[DATASET RECORDS]:
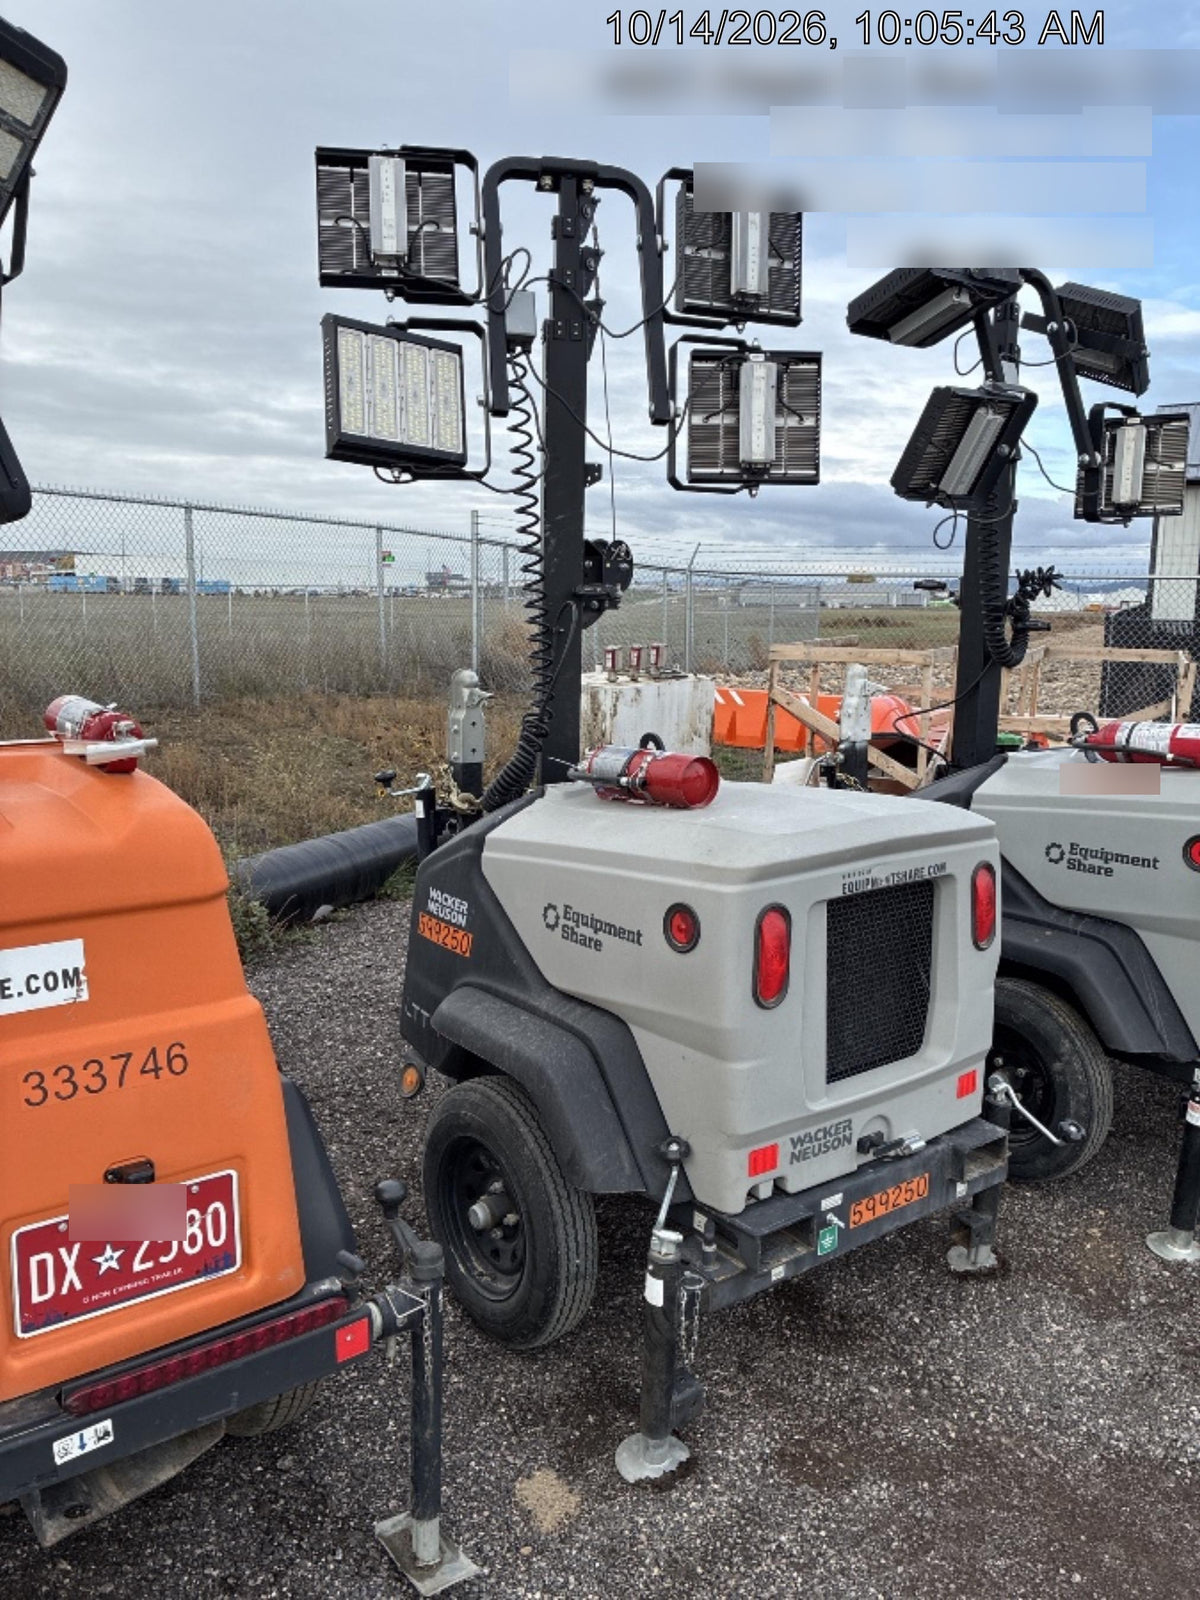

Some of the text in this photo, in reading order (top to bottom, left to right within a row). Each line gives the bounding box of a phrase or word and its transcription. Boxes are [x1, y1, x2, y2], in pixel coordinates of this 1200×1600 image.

[1067, 857, 1114, 877] Share
[1068, 842, 1160, 870] Equipment
[427, 899, 467, 928] NEUSON
[429, 886, 468, 915] WACKER
[420, 913, 470, 954] 599250
[561, 924, 604, 952] Share
[562, 904, 643, 947] Equipment
[22, 1042, 189, 1107] 333746
[789, 1118, 853, 1150] WACKER
[789, 1133, 853, 1165] NEUSON
[852, 1175, 928, 1226] 599250
[29, 1242, 83, 1305] DX
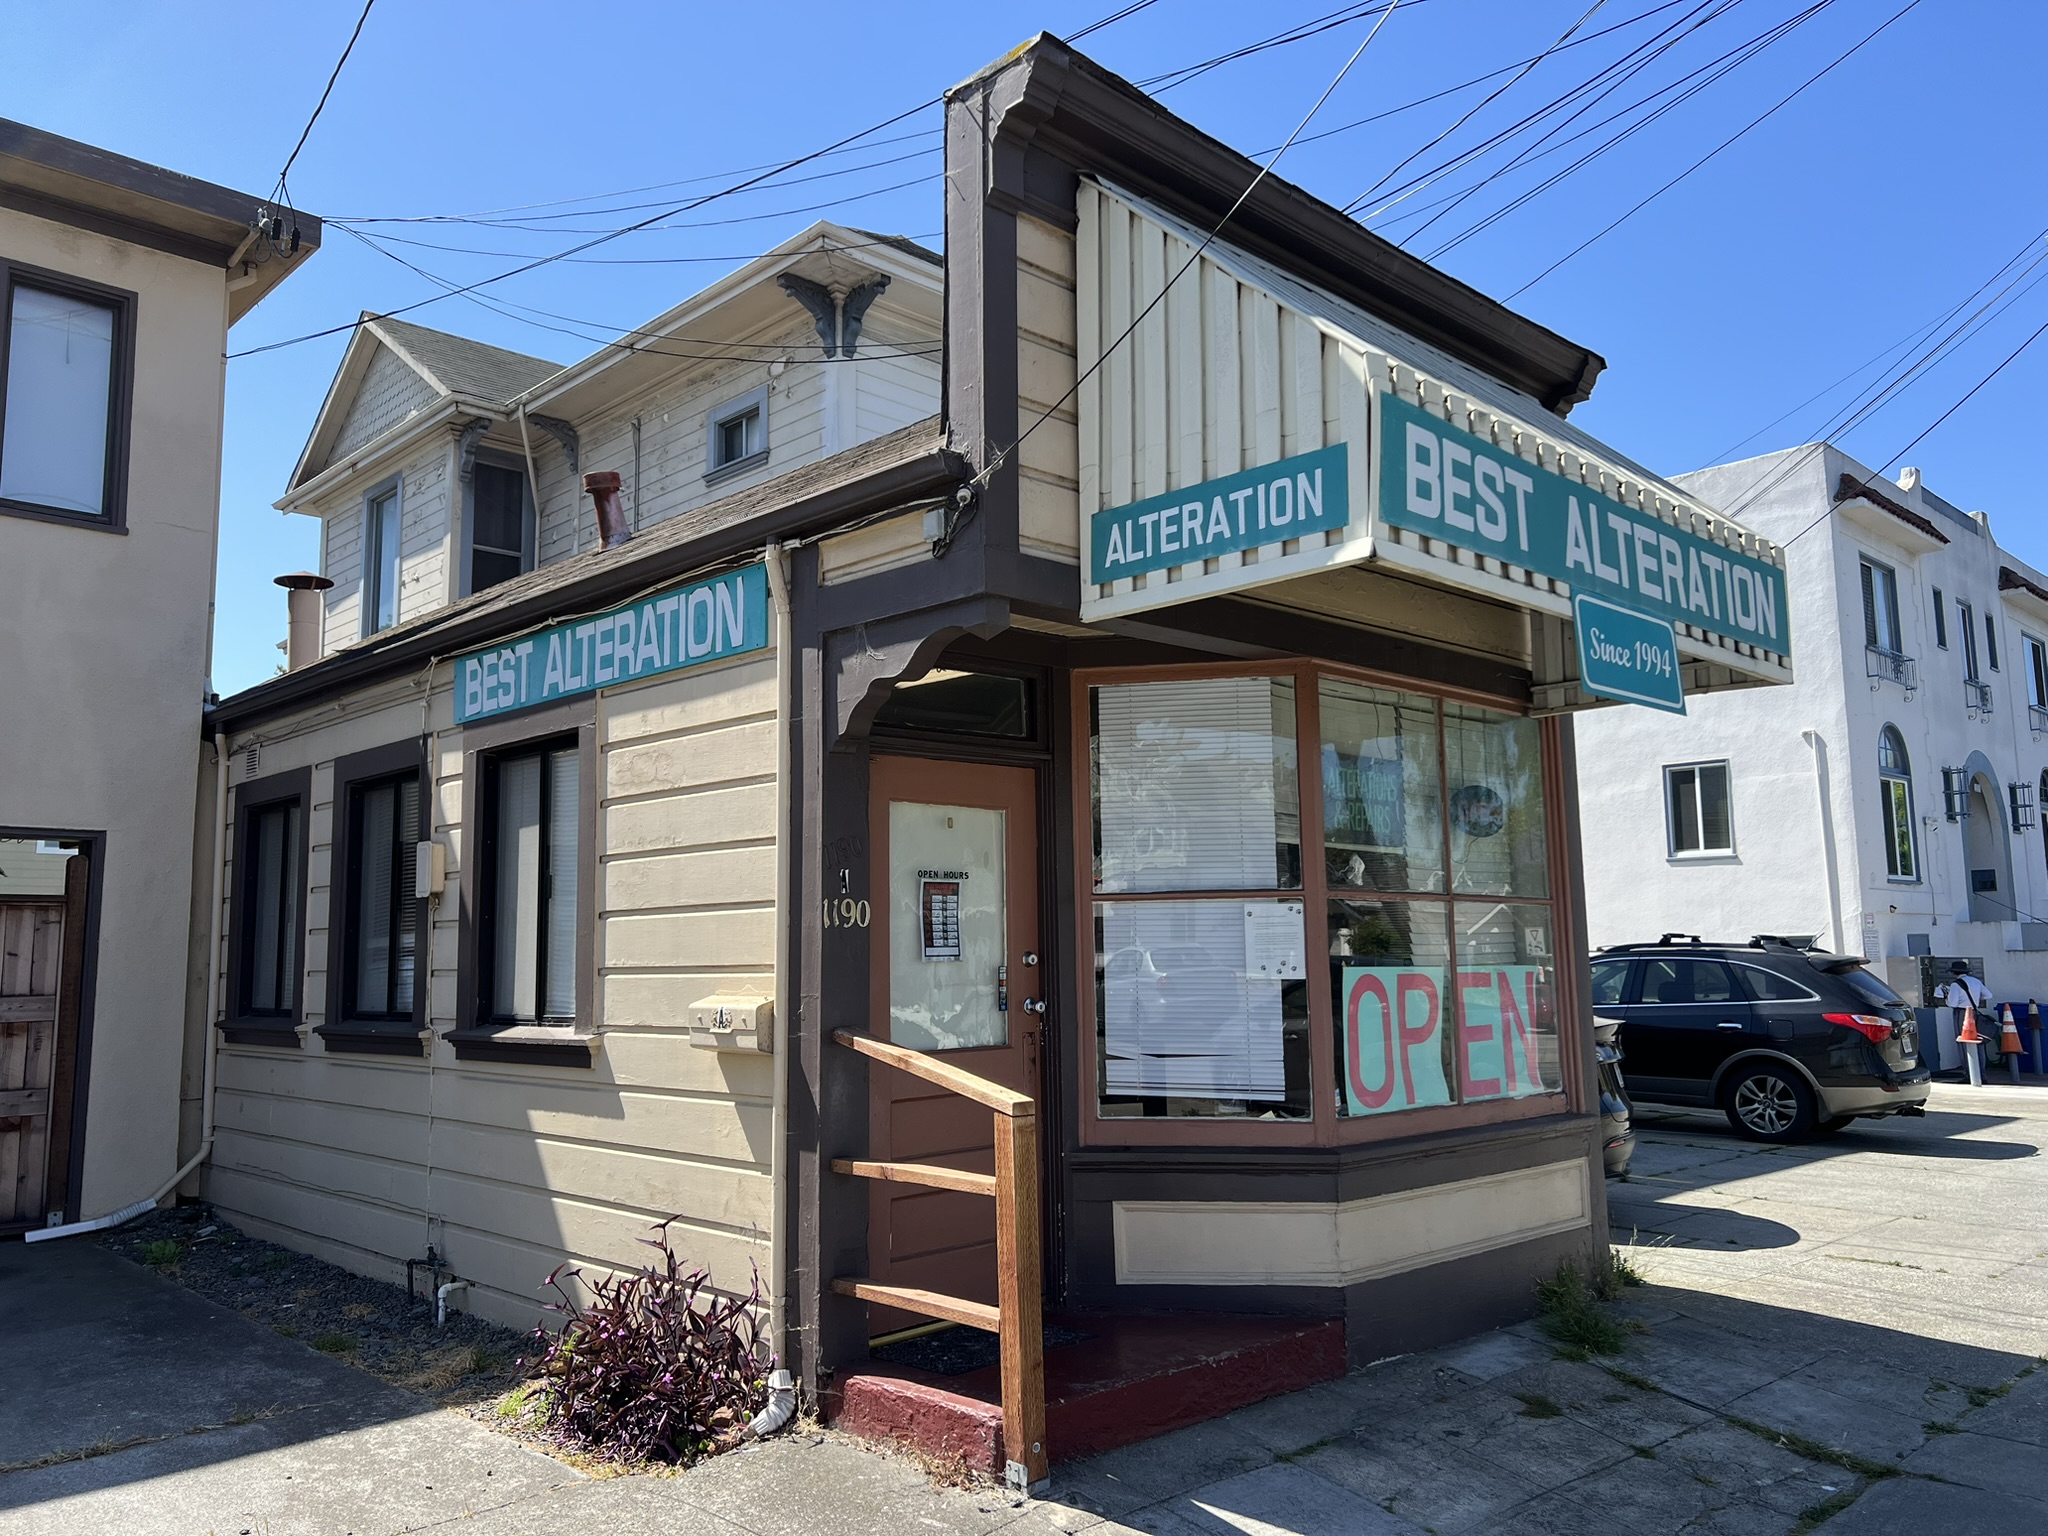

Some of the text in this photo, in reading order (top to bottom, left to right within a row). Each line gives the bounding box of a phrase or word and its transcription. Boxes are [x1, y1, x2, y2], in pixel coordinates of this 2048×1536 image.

[1104, 468, 1323, 568] ALTERATION
[1406, 422, 1777, 640] BEST ALTERATION
[465, 576, 744, 717] BEST ALTERATION
[1590, 627, 1672, 678] Since 1994
[1327, 766, 1397, 801] ALTERATIONS
[1348, 802, 1391, 833] REPAIRS
[917, 870, 969, 880] OPEN HOURS
[822, 898, 871, 929] 1190
[1347, 971, 1542, 1109] OPEN

[WHAT THIS TASK INVOLVES]: Drop the pictures; repeat each entry above exactly.

[THE ANSWER]:
Some of the text in this photo, in reading order (top to bottom, left to right within a row). Each line gives the bounding box of a phrase or word and its transcription. Boxes are [x1, y1, x2, y2], in pixel coordinates of this 1200×1600 image.

[1067, 857, 1114, 877] Share
[1068, 842, 1160, 870] Equipment
[427, 899, 467, 928] NEUSON
[429, 886, 468, 915] WACKER
[420, 913, 470, 954] 599250
[561, 924, 604, 952] Share
[562, 904, 643, 947] Equipment
[22, 1042, 189, 1107] 333746
[789, 1118, 853, 1150] WACKER
[789, 1133, 853, 1165] NEUSON
[852, 1175, 928, 1226] 599250
[29, 1242, 83, 1305] DX

Some of the text in this photo, in reading order (top to bottom, left to right within a row). Each line gives the bounding box of a phrase or word and its transcription. Boxes are [x1, y1, x2, y2], in pixel coordinates of this 2048×1536 image.

[1104, 468, 1323, 568] ALTERATION
[1406, 422, 1777, 640] BEST ALTERATION
[465, 576, 744, 717] BEST ALTERATION
[1590, 627, 1672, 678] Since 1994
[1327, 766, 1397, 801] ALTERATIONS
[1348, 802, 1391, 833] REPAIRS
[917, 870, 969, 880] OPEN HOURS
[822, 898, 871, 929] 1190
[1347, 971, 1542, 1109] OPEN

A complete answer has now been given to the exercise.